The entries shown here must be retyped in full, with no pictures included.

-- EXTRACTED ENTRIES follows --

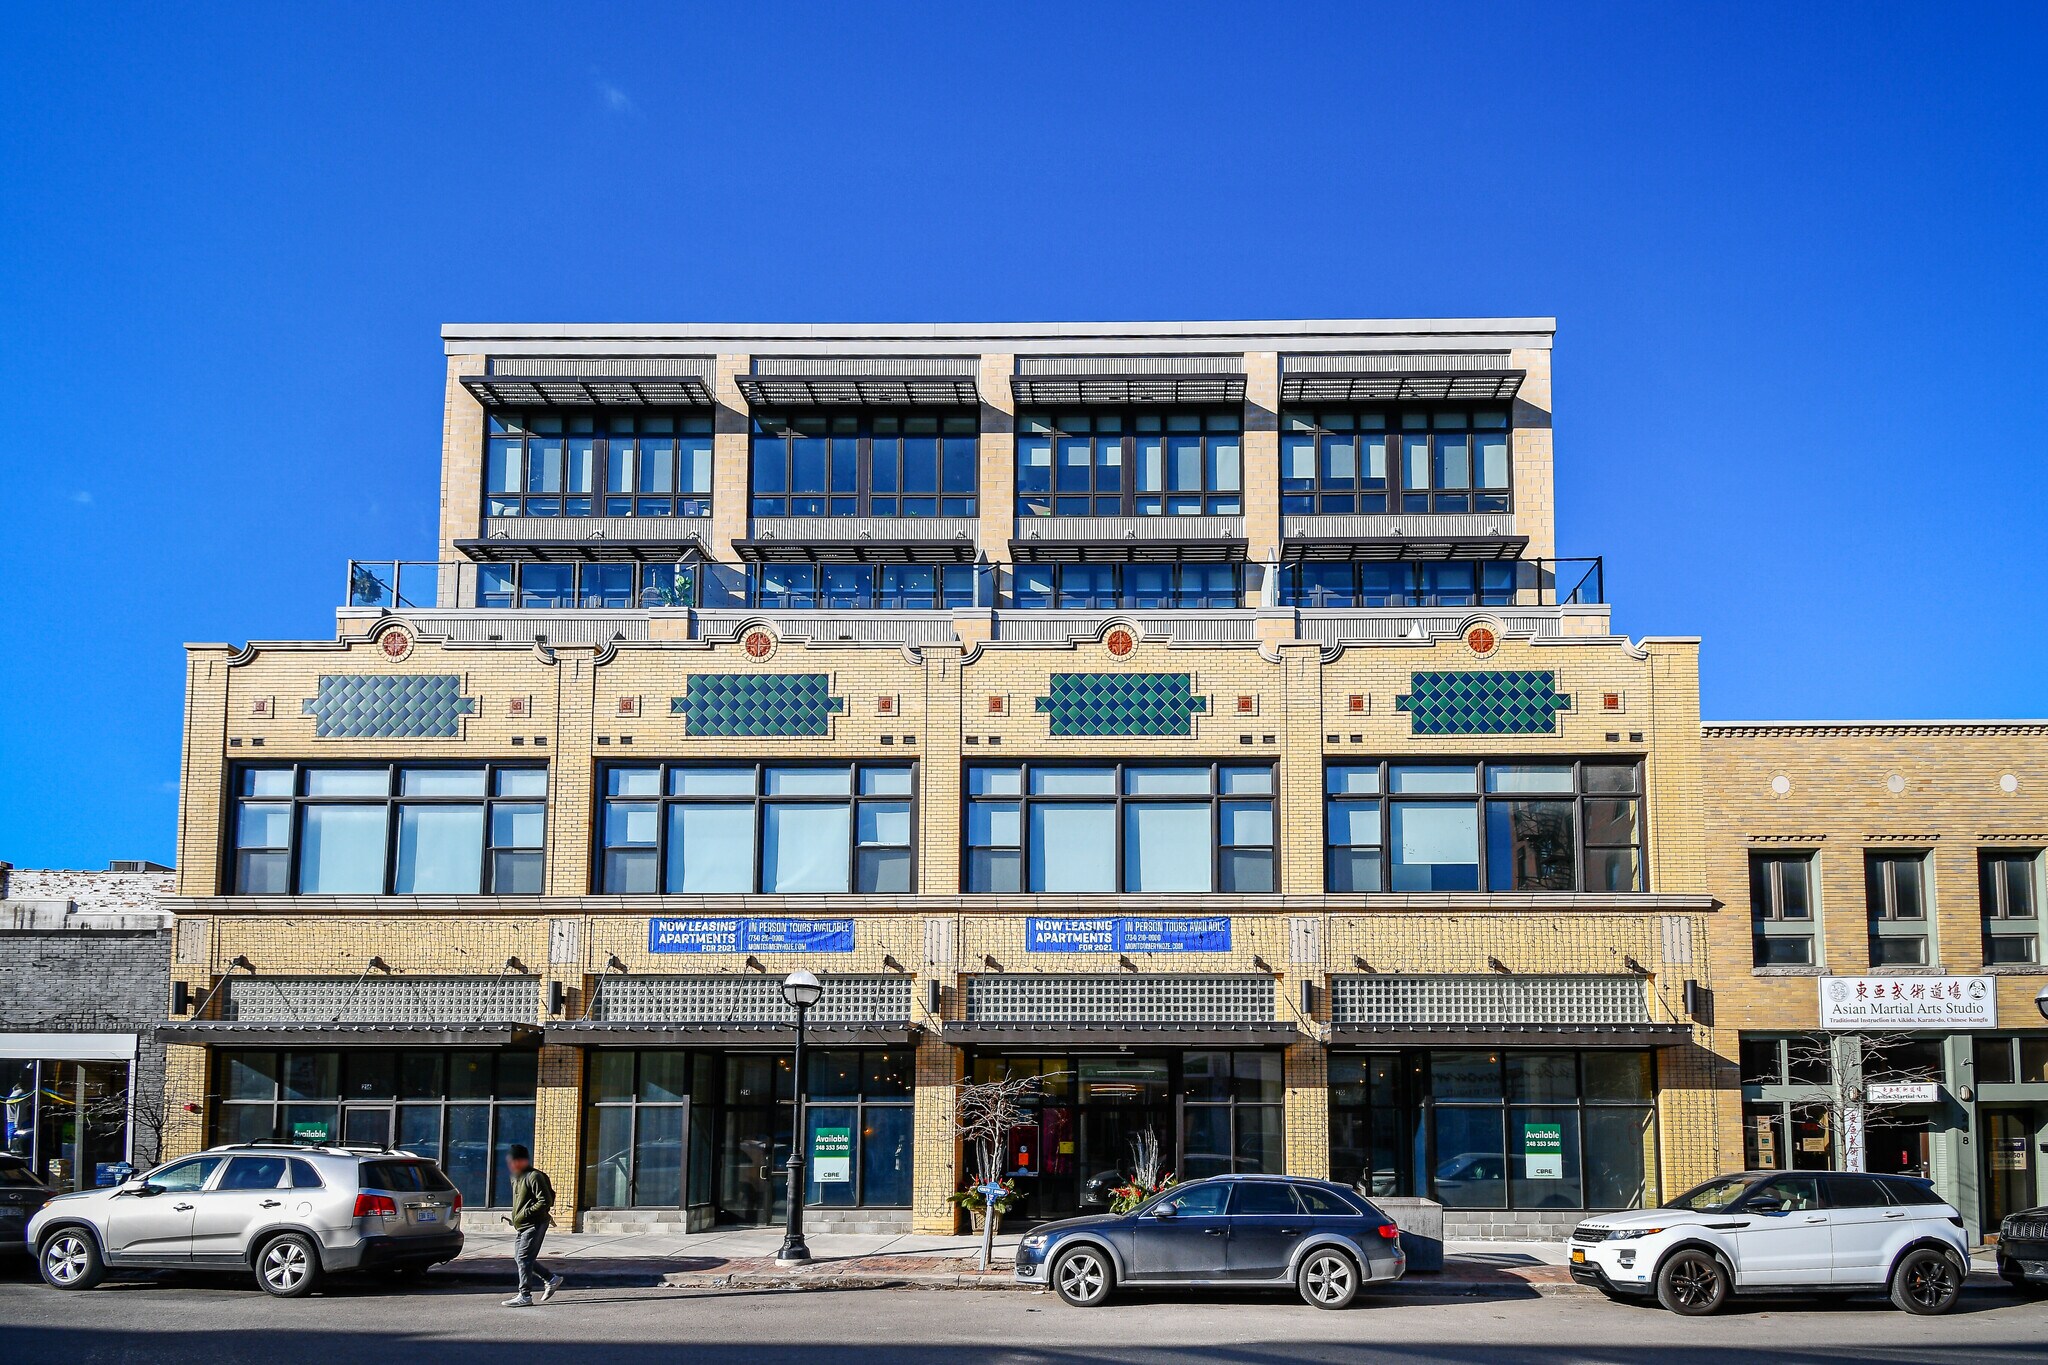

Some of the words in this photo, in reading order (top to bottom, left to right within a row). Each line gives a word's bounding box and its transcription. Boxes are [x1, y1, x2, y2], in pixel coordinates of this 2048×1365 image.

[659, 921, 686, 931] NOW
[688, 921, 737, 931] LEASING
[748, 922, 757, 932] IN
[759, 922, 787, 932] PERSON
[789, 922, 812, 932] TOURS
[813, 922, 850, 932] AVAILABLE
[1035, 920, 1063, 931] NOW
[1065, 920, 1113, 931] LEASING
[1125, 921, 1133, 932] IN
[1135, 921, 1163, 932] PERSON
[1165, 921, 1188, 932] TOURS
[1189, 921, 1226, 932] AVAILABLE
[659, 933, 736, 944] APARTMENTS
[1035, 932, 1113, 943] APARTMENTS
[701, 944, 716, 952] FOR
[717, 944, 736, 952] 2021
[1832, 1003, 1866, 1015] Asian
[1870, 1003, 1914, 1015] Martial
[1917, 1003, 1942, 1015] Arts
[1946, 1002, 1984, 1014] Studio
[1968, 1016, 1989, 1024] Kungfu
[293, 1130, 326, 1138] Available
[815, 1135, 849, 1143] Available
[1525, 1130, 1560, 1139] Available
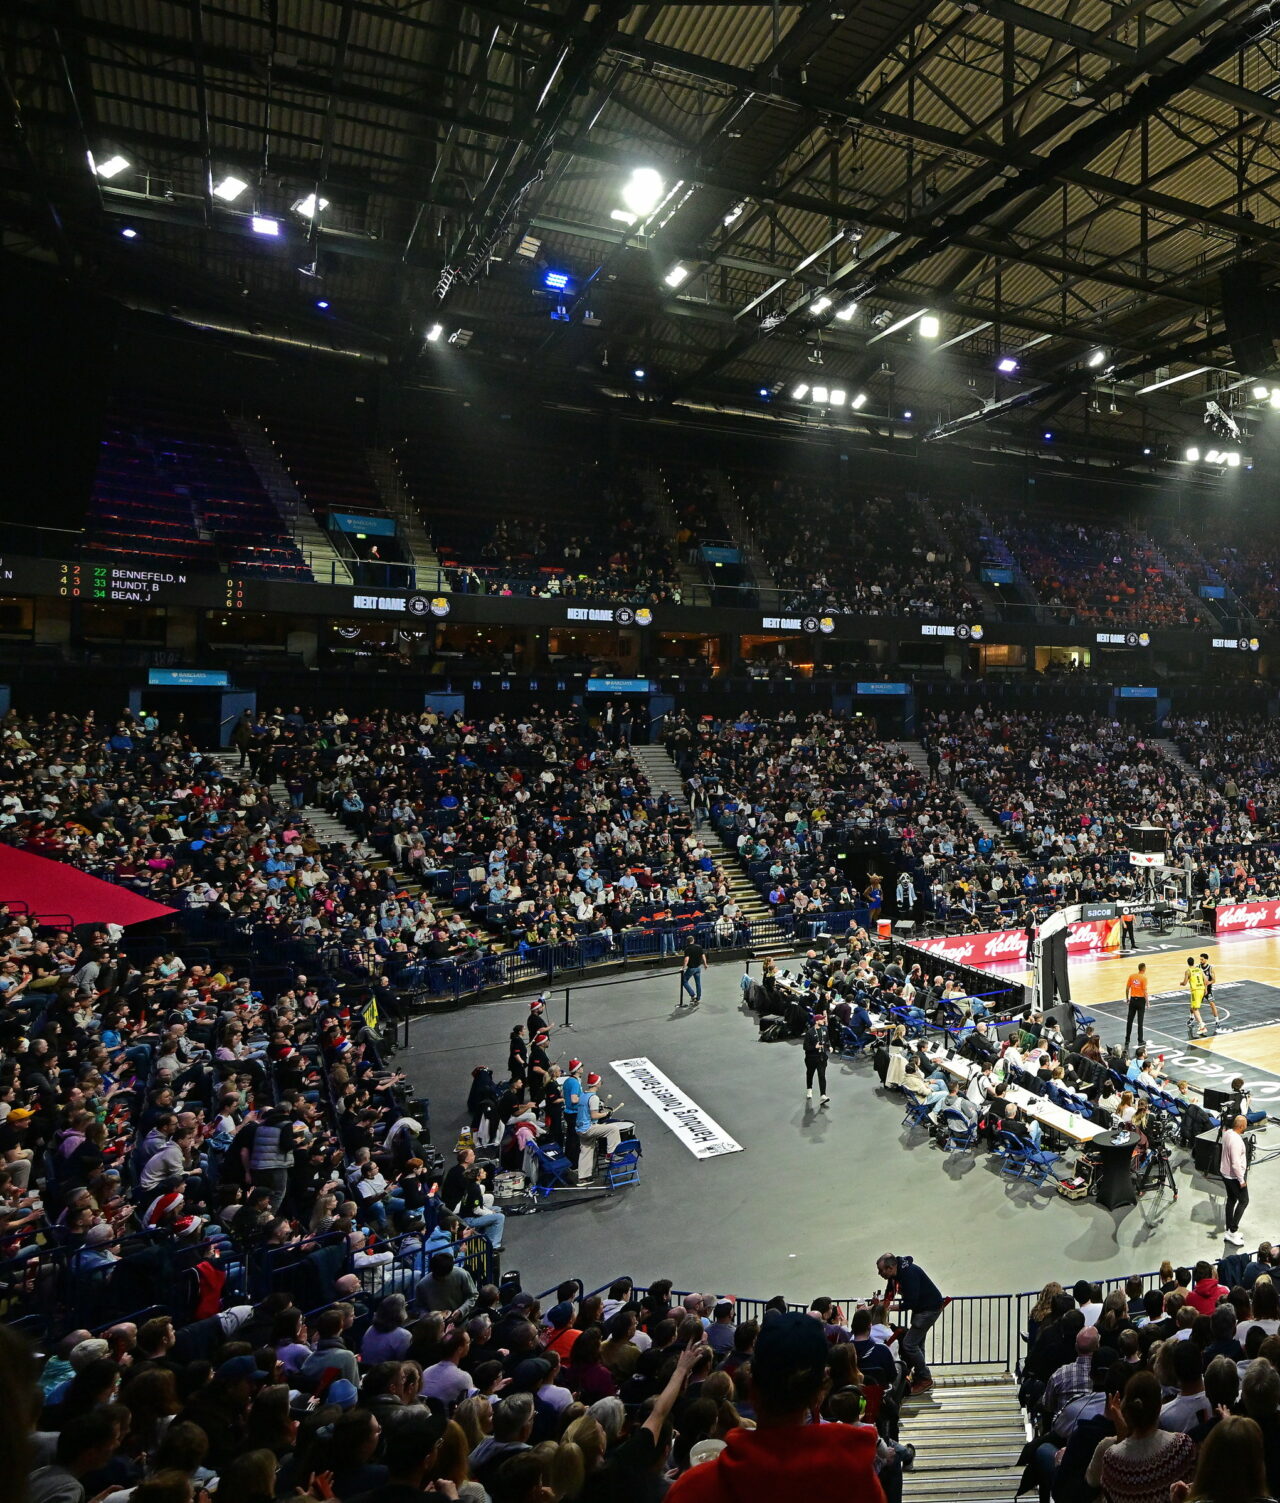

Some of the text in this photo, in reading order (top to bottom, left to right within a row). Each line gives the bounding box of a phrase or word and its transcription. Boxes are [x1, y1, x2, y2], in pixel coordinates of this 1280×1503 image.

[5, 570, 12, 579] N
[61, 565, 80, 574] 3 2
[61, 576, 80, 585] 4 3
[94, 568, 186, 584] 22 BENNEFELD, N
[94, 579, 159, 592] 33 HUNDT, B
[60, 587, 80, 596] 0 0
[94, 590, 151, 602] 34 BEAN, J
[354, 596, 378, 609] NEXT
[378, 597, 406, 611] GAME
[567, 608, 613, 621] NEXT GAME
[763, 617, 801, 630] NEXT GAME
[922, 625, 955, 636] NEXT GAME
[1097, 633, 1125, 644] NEXT GAME
[1212, 638, 1237, 648] NEXT GAME
[1130, 904, 1156, 914] Schindler
[1219, 906, 1268, 927] Kellogg's
[626, 1068, 719, 1144] Hamburg Towers Fanclub
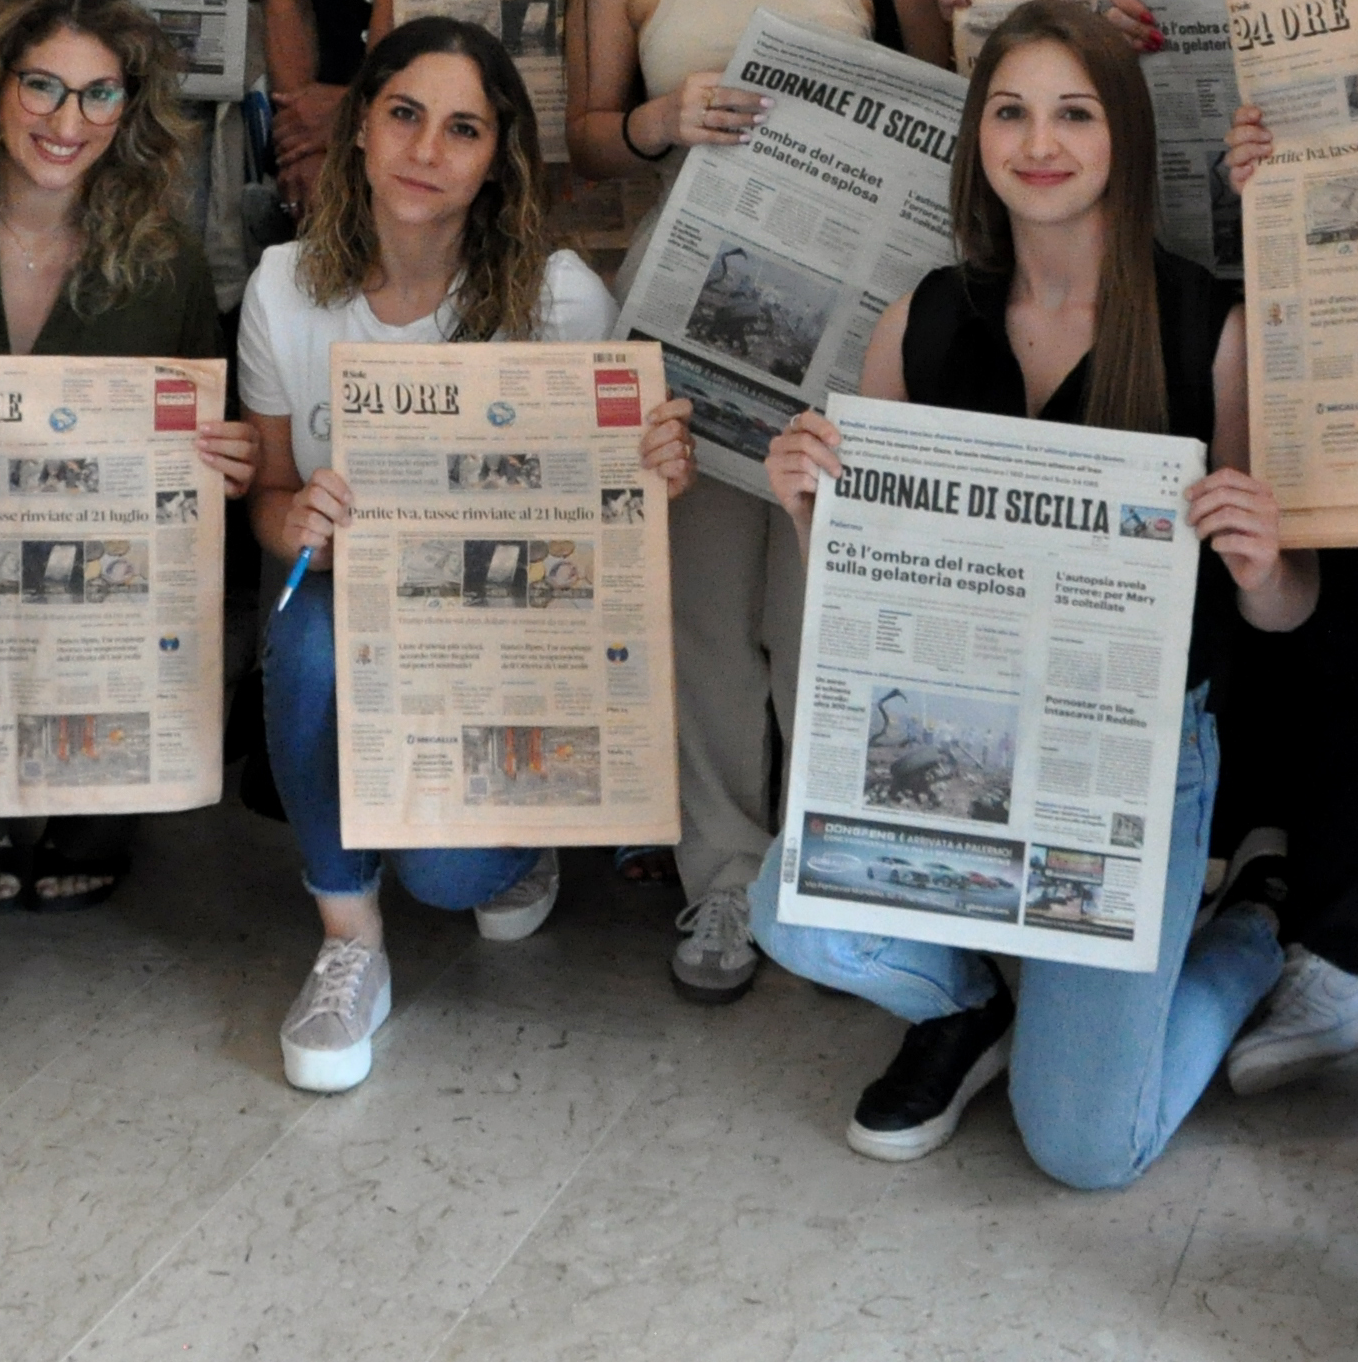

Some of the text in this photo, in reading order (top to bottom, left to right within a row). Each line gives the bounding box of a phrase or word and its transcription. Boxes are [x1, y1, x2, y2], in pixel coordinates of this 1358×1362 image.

[1235, 11, 1275, 51] 24
[740, 61, 855, 117] GIORNALE
[853, 95, 886, 132] DI
[883, 109, 959, 165] SICILI
[752, 139, 879, 205] gelateria esplosa
[809, 144, 835, 167] del
[835, 157, 884, 189] racket
[342, 383, 460, 415] 24 ORE
[21, 510, 73, 522] rinviate
[76, 510, 88, 521] al
[91, 510, 106, 522] 21
[109, 509, 149, 525] luglio
[348, 506, 594, 524] Partite Iva, tasse rinviate al 21 luglio
[834, 465, 961, 516] GIORNALE
[967, 484, 1000, 520] DI
[1005, 488, 1110, 534] SICILIA
[825, 558, 1026, 599] sulla gelateria esplosa
[826, 539, 1025, 581] C'è l'ombra del racket
[1055, 571, 1115, 587] L'autopsia
[1054, 594, 1125, 613] 35 coltellate
[1104, 591, 1124, 601] per
[1125, 591, 1156, 606] Mary

-- EXTRACTED ENTRIES concluded --

* [WRITTEN SOLUTION]
Some of the words in this photo, in reading order (top to bottom, left to right within a row). Each line gives a word's bounding box and its transcription. Boxes are [x1, y1, x2, y2], in pixel coordinates of this 2048×1365 image.

[659, 921, 686, 931] NOW
[688, 921, 737, 931] LEASING
[748, 922, 757, 932] IN
[759, 922, 787, 932] PERSON
[789, 922, 812, 932] TOURS
[813, 922, 850, 932] AVAILABLE
[1035, 920, 1063, 931] NOW
[1065, 920, 1113, 931] LEASING
[1125, 921, 1133, 932] IN
[1135, 921, 1163, 932] PERSON
[1165, 921, 1188, 932] TOURS
[1189, 921, 1226, 932] AVAILABLE
[659, 933, 736, 944] APARTMENTS
[1035, 932, 1113, 943] APARTMENTS
[701, 944, 716, 952] FOR
[717, 944, 736, 952] 2021
[1832, 1003, 1866, 1015] Asian
[1870, 1003, 1914, 1015] Martial
[1917, 1003, 1942, 1015] Arts
[1946, 1002, 1984, 1014] Studio
[1968, 1016, 1989, 1024] Kungfu
[293, 1130, 326, 1138] Available
[815, 1135, 849, 1143] Available
[1525, 1130, 1560, 1139] Available

Some of the text in this photo, in reading order (top to bottom, left to right within a row). Each line gives the bounding box of a phrase or word and its transcription. Boxes are [x1, y1, x2, y2], in pixel coordinates of this 1280×1503 image.

[5, 570, 12, 579] N
[61, 565, 80, 574] 3 2
[61, 576, 80, 585] 4 3
[94, 568, 186, 584] 22 BENNEFELD, N
[94, 579, 159, 592] 33 HUNDT, B
[60, 587, 80, 596] 0 0
[94, 590, 151, 602] 34 BEAN, J
[354, 596, 378, 609] NEXT
[378, 597, 406, 611] GAME
[567, 608, 613, 621] NEXT GAME
[763, 617, 801, 630] NEXT GAME
[922, 625, 955, 636] NEXT GAME
[1097, 633, 1125, 644] NEXT GAME
[1212, 638, 1237, 648] NEXT GAME
[1130, 904, 1156, 914] Schindler
[1219, 906, 1268, 927] Kellogg's
[626, 1068, 719, 1144] Hamburg Towers Fanclub

Some of the text in this photo, in reading order (top to bottom, left to right within a row). Each line gives the bounding box of a phrase or word and its transcription. Boxes are [x1, y1, x2, y2], in pixel coordinates of this 1358×1362 image.

[1235, 11, 1275, 51] 24
[740, 61, 855, 117] GIORNALE
[853, 95, 886, 132] DI
[883, 109, 959, 165] SICILI
[752, 139, 879, 205] gelateria esplosa
[809, 144, 835, 167] del
[835, 157, 884, 189] racket
[342, 383, 460, 415] 24 ORE
[21, 510, 73, 522] rinviate
[76, 510, 88, 521] al
[91, 510, 106, 522] 21
[109, 509, 149, 525] luglio
[348, 506, 594, 524] Partite Iva, tasse rinviate al 21 luglio
[834, 465, 961, 516] GIORNALE
[967, 484, 1000, 520] DI
[1005, 488, 1110, 534] SICILIA
[825, 558, 1026, 599] sulla gelateria esplosa
[826, 539, 1025, 581] C'è l'ombra del racket
[1055, 571, 1115, 587] L'autopsia
[1054, 594, 1125, 613] 35 coltellate
[1104, 591, 1124, 601] per
[1125, 591, 1156, 606] Mary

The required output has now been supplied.